School is starting next week and I’m…..well, might be, not totally sad? Last year, I wrote this…I was emotional about middle starting kindergarten. But, last week, I’ll say, the full moon was coming and that didn’t help. I suddenly felt religious! I changed a well known prayer! (The Vatican hasn’t called. I guess they’re just not into new stuff? Frankly, I don’t think it would kill them to mix it up but WHO am I?)

God, grant me the serenity to accept that school doesn’t start til the 27th,
The courage to change happy hour if need be, 
And the wisdom to know that while I love my boys with every fiber of my being, even prisoners get an hour of free time, yo. 

A-men.

THIS IS THE CRASH I HEARD IN THE SHOWER THE OTHER DAY. HYGIENE= DANGER.

Summer started and I was all, “Whee!!! We’re going to the beach! We’re gonna enjoy lazy days!

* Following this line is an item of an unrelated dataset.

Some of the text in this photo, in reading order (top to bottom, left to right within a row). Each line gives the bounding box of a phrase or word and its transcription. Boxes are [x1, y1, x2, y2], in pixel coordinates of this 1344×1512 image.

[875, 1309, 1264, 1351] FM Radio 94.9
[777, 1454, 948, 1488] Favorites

We’re gonna sit and sip lemonade and look at stars and read awesome books!”

And then little people burped. And farted. And literally waved their tushes in my face and inquired, “DO I HAVE POOP IN MY BUTT?”

And so now, I can’t stand the sound of my own voice.

I’m sweating.

And kind of tired.

Flush the toilet!

Wash your hands! 

Put on your bike helmet!

Who crunched Cheez-It’s all over the couch?
Stop leaving your undies under the bathroom vanity!

Don’t use your shirt as a napkin!

Keep your hands to yourself!

WOHWOHWOHWOH.

The questions! The thousands of questions, mostly from one of them. Not just questions for me, questions for randoms. On vacation, he asks the 75 year old woman next door, “So, do you rent or own?”

Who asks people that? We don’t!

We get new neighbors at home, and he goes for it….

Man child: “So, where do you and your husband work?”

New Neighb: “We both work at Fidelity.”

Man child: “So…is that like a restaurant or a store? What is it?”

ME, nervous laughter: “It’s sort of like a bank, where your tiny college fund is!”

Which you will clearly not need, because you have no boundaries, and will probably start selling time shares in the 5th grade! Which is good, because then I will have lost my ever loving mind, and will likely need round the clock care. Don’t skimp now! Remember who wiped your arse 5,439 times! 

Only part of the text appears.